I grew up around it; I was trained as a professional working around it. Then I practiced at the front lines of it. It clicked that I should be doing something more. I got to work with several campus and state organizations and realized working in the opioid crisis was my calling.

“The PREMIER Center has made a name for itself locally and nationally. There are comparable centers doing this kind of work in big cities like Los Angeles, Boston and Chicago, but nowhere in the South.”

When I first began my time in academia at the University of Houston, I knew no one, so I started going to community meetings. It was about meeting people where they were and figuring out what the needs of this community really are, because who was I to come in and say that I knew what Houston, or Harris County, or Texas needs? I needed to go hear that firsthand and meet people.

Meeting with some of those organizations, treatment facilities, researchers and clinicians motivated me to think, “OK, I can really build something here.”
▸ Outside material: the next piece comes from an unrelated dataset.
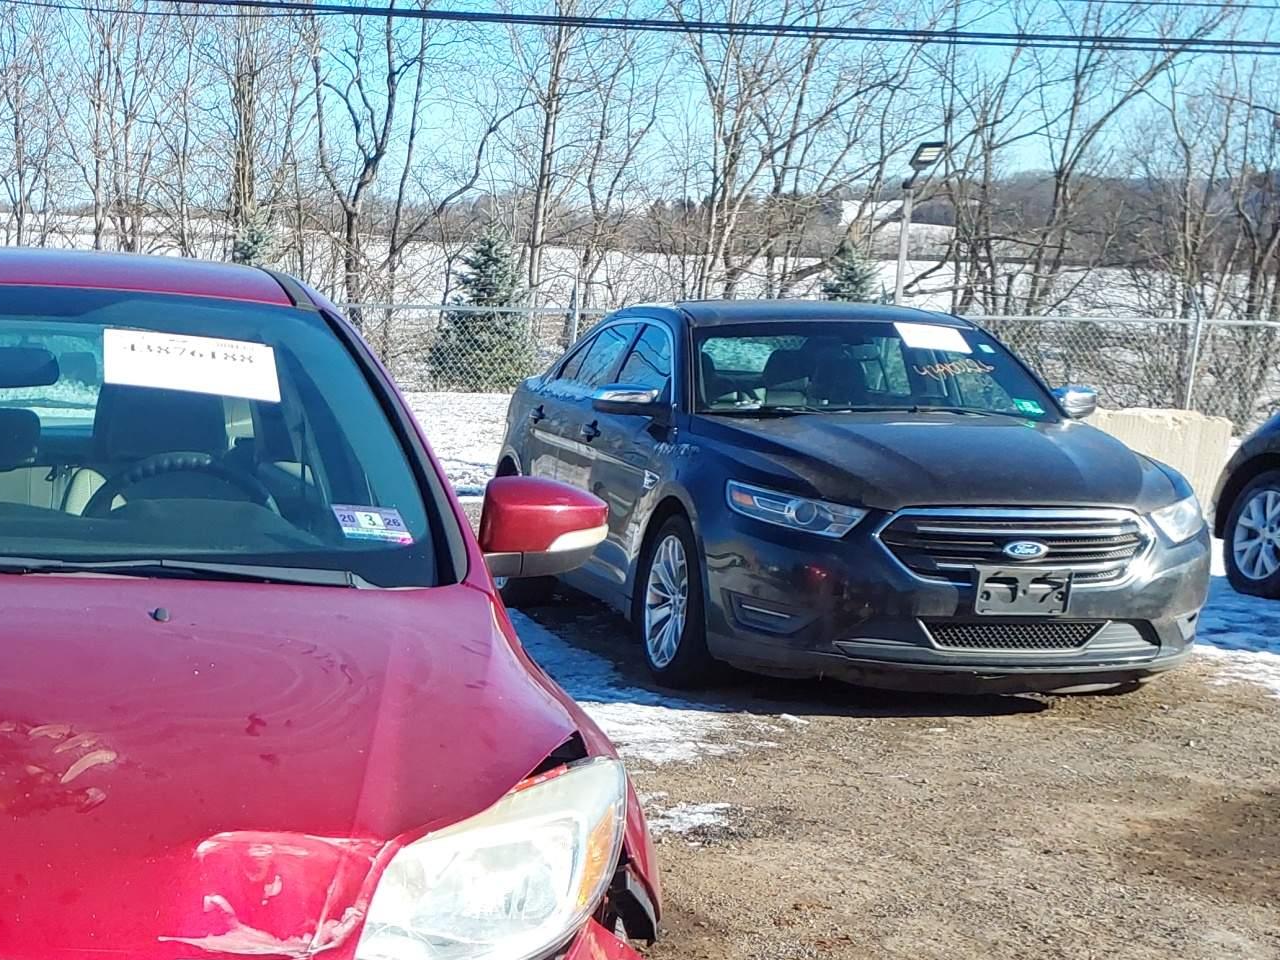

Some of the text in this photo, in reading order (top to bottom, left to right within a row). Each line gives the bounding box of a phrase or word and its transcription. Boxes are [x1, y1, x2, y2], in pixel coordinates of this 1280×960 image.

[339, 513, 401, 527] 20 3 26
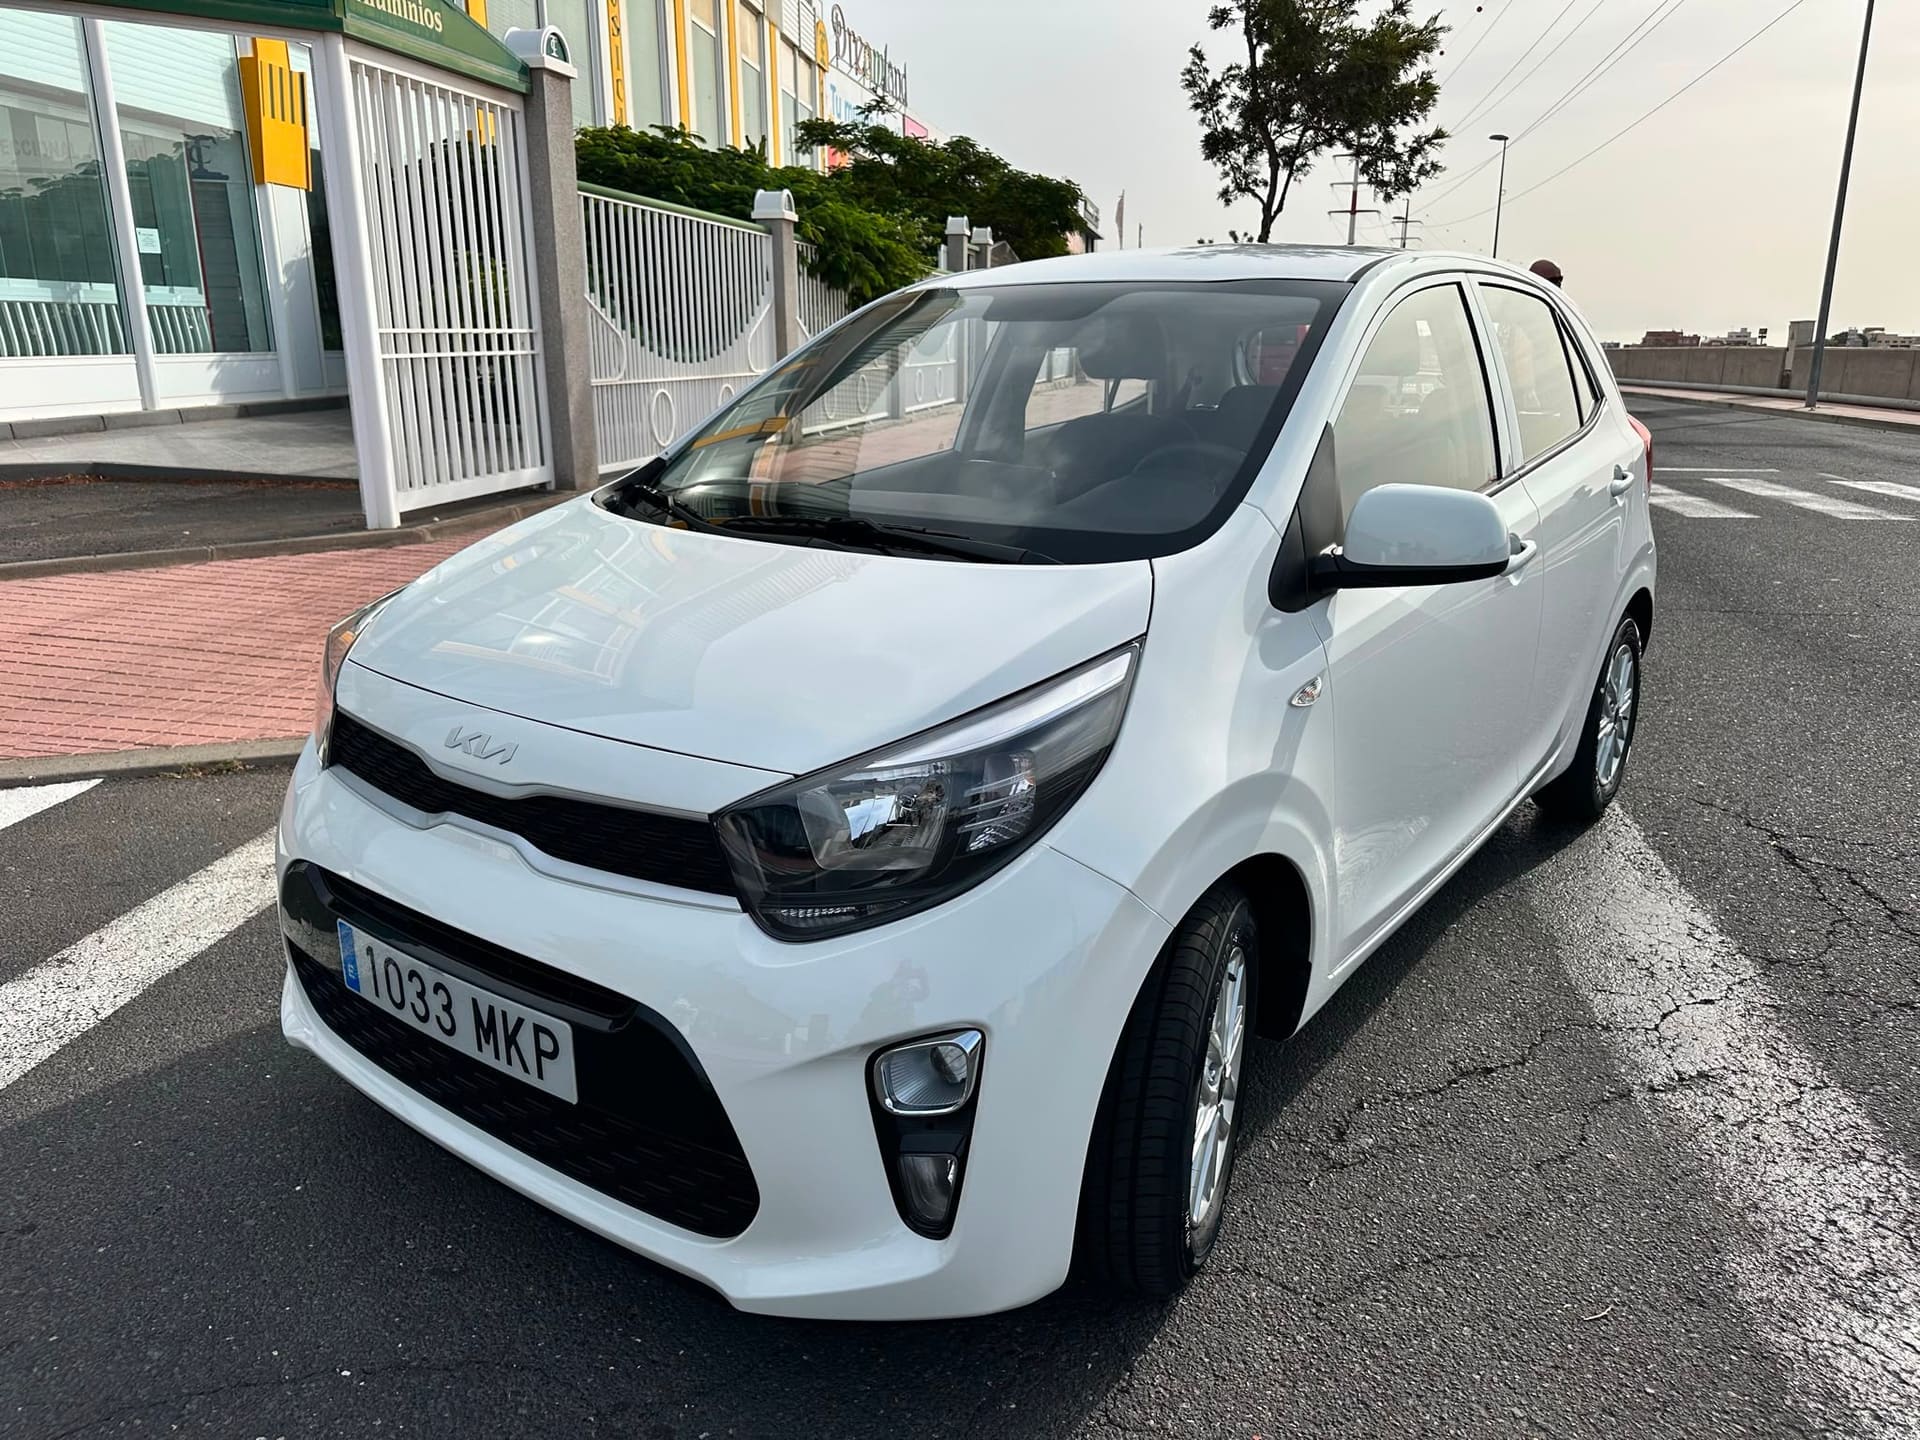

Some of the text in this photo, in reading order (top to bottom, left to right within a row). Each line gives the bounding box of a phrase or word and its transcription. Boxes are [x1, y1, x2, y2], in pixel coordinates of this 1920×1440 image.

Another faculty member, Marc Fleming, and I worked on a proposal for the Prescription Drug Misuse Education and Research (PREMIER) Center, which was approved in December 2018. The idea was that instead of us going out and trying to meet other researchers, clinicians and health facilities, we wanted to provide a resource to be leveraged and with which others could collaborate.

Meeting a Need

Fleming took another job in 2019, but the PREMIER Center and I have since gone on to work directly with the City of Houston, Harris County, multiple state agencies and multiple national agencies. The PREMIER Center has really grown and made a name for itself locally and nationally. We now have multiple faculty members in the center doing work for both pain and substance-use disorders, which is our mission statement.

We have been funded through different government agencies to do projects ranging from building interventions for physicians and pharmacists to conducting opioid prevention activities for 800 organizations across Texas. There are comparable centers doing this kind of work in big cities like Los Angeles, Boston and Chicago, but nowhere in the South.
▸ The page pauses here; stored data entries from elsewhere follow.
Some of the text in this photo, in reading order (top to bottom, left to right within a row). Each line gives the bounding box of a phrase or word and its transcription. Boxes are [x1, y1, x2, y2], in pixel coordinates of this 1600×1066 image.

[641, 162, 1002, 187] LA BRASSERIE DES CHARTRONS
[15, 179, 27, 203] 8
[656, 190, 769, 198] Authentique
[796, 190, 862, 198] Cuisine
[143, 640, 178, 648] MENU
Stock photo of white pills spilling from a prescription bottle

Part of the PREMIER Center’s work focuses on distributing onetime-use safe disposal kits that deactivate unused and unwanted prescriptions, reducing the risk of misuse.

Part of the PREMIER Center’s work focuses on distributing onetime-use safe disposal kits that deactivate unused and unwanted prescriptions, reducing the risk of misuse.

We’ve done work that has been cited in multiple guidelines. Last year, we received funding from a national foundation to work with several national organizations to write our own guidelines for pharmacists about treating substance-use disorders through pharmacy.

It felt like a good, closing-the-circle moment. I thought back on why I went to grad school: My team and I are writing the guidelines I wanted to write.

Treatment for people with substance-use disorders has become one of the few bipartisan issues that people can get behind in the modern political climate, probably because it has gotten so bad that almost everyone knows someone who has been affected.

The low-hanging fruit right now is removing the financial barriers around access to treatment — things like prior authorizations, copays, and other real and perceived financial risks to patients. As a society, we also spend so much time getting people into treatment, but we aren’t maintaining them in treatment.

My hope is that we will find a way. We are a resilient people and a resilient state.